One part of this project is to verify the accuracy of each of these layers. The Yurok aboriginal layer was first scanned from a map in Yurok Geography by T.T. Waterman and then digitized with Maptitude GIS. This layer should be confirmed and/or adjusted with the direction of Yurok and neigboring tribal people.
For these reasons the maps shown on this page and the downloadable GIS layers should be considered a "first cut" -- a draft -- of the current and historical geography of the region. If you have information and/or would like to be part of working on this or any other map layer, please contact me using the form below.
Marlon Sherman, Professor of Native American Studies at Humboldt State University, prepared the following discussion about maps and boundaries of aboriginal territory.
"Boundary lines on maps are artificial constructs. Sharply delineated lines, drawn arbitrarily, generally have little meaning in aboriginal or indigenous terms. As a cultural or geographic matter, many, if not most indigenous societies were formed and maintained within watershed boundaries. As a political matter, many modern indigenous societies view boundaries as tools of oppressive colonial governments that facilitate repressive or genocidal policies. Indigenous Peoples throughout the earth generally coalesced as societies long before the formation of modern nation-states, and struggle with cross-boundary issues that result from differing immigration policies of the various nations.

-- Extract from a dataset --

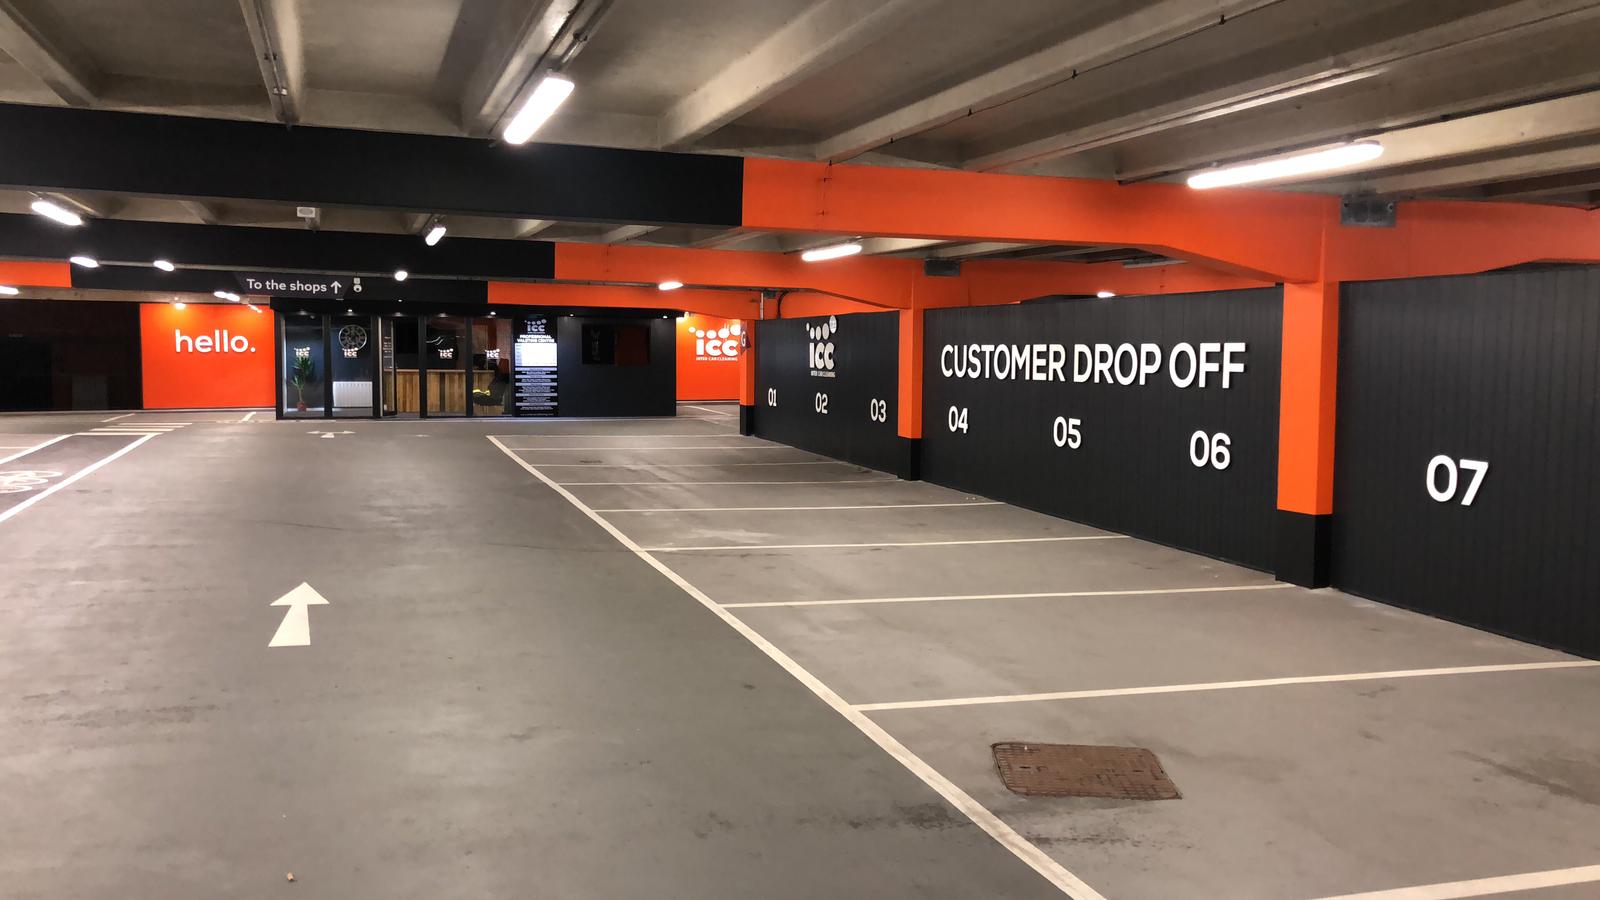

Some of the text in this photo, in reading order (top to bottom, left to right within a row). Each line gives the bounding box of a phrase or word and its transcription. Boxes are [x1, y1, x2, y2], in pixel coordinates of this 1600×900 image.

The lines on the above map are used strictly for informational purposes, and cannot and should not be used to prove right to ownership of the parcels of land so delineated.

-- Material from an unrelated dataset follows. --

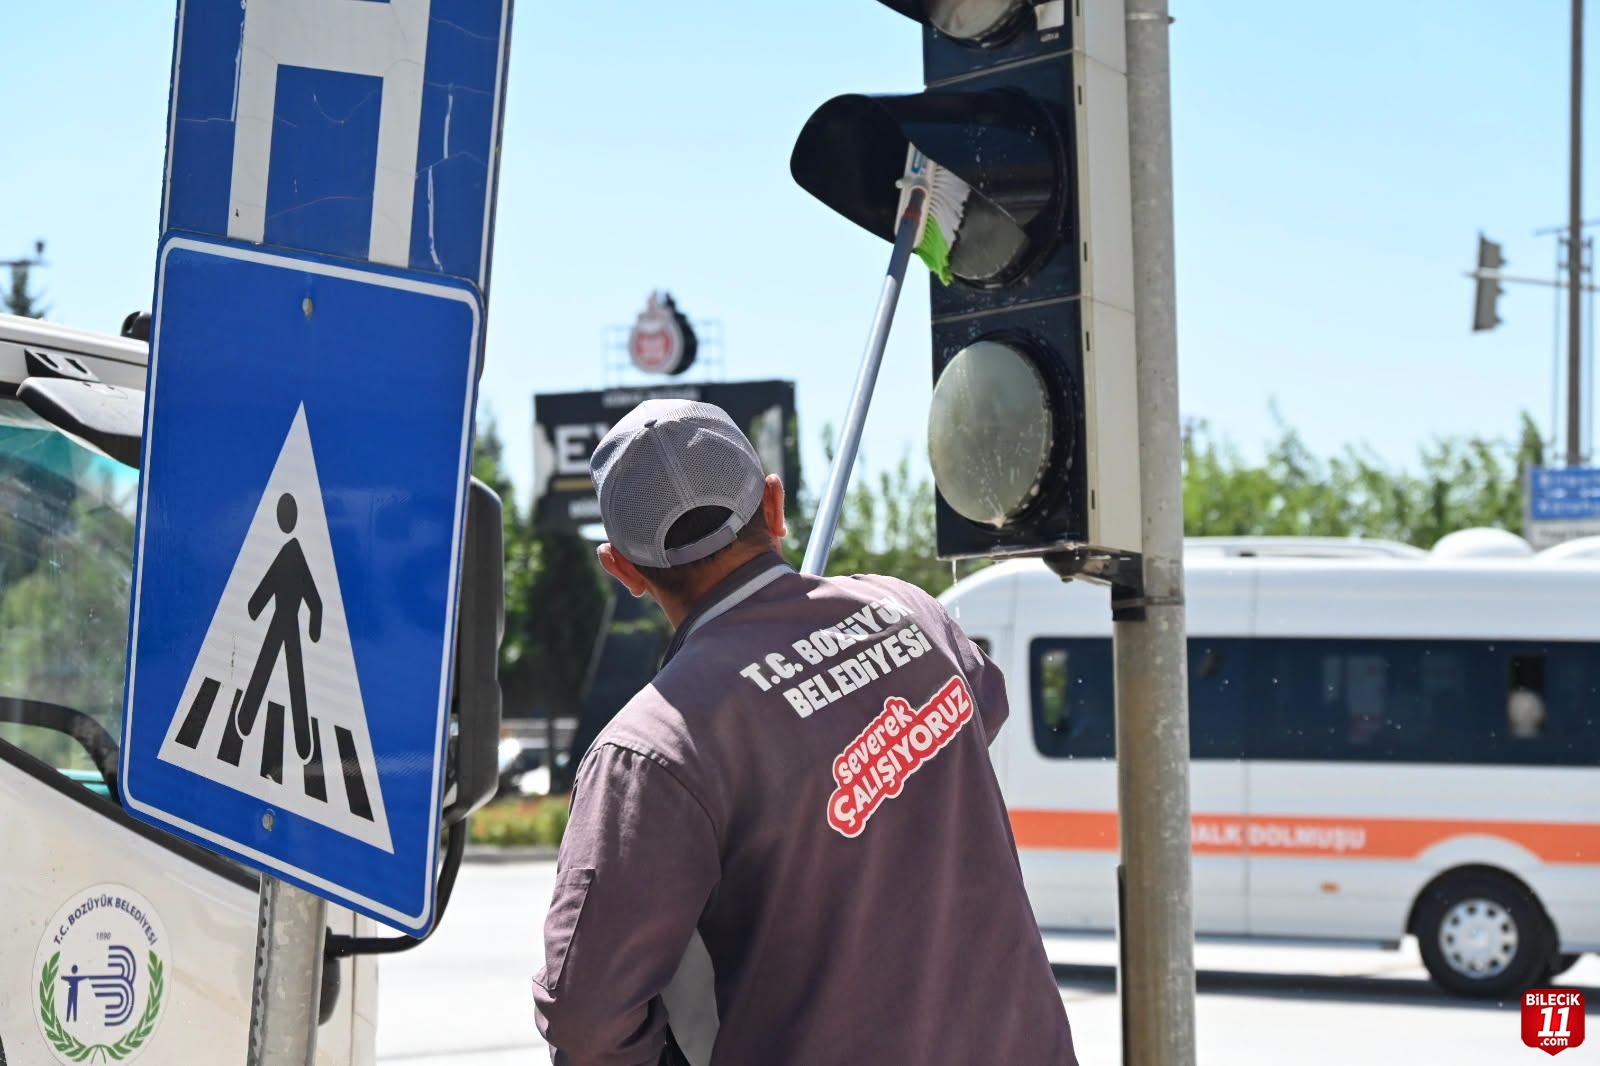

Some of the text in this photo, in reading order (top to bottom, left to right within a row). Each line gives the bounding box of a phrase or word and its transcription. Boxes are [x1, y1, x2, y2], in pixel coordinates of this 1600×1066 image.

For example, the boundaries noted on the map of aboriginal Yurok territory are all either arbitrarily drawn by anthropologists/ethnologists, or are the results of government-approved surveys that have subsequently been entered into official county land records.
The anthropological lines only roughly approximate areas that Yurok-speaking peoples once either inhabited or visited and used on a regular basis. They are the result of first-person interviews with Yurok individuals in the early Twentieth Century as well as often unreliable information gleaned from non-Indian interlopers or surrounding tribal groups.
The history of government-recorded property lines delineating both private and government property in the West are generally the result of fraud and coercion, not only on the part of the miners, loggers and other settlers, but due to the third-party surveying contractors, some of whom never even walked the land they mapped. Although these property lines have become pretty much settled as of the 21st Century, they are still the source of much bitterness among Native Peoples, who lost the homes and use rights they had enjoyed for untold centuries.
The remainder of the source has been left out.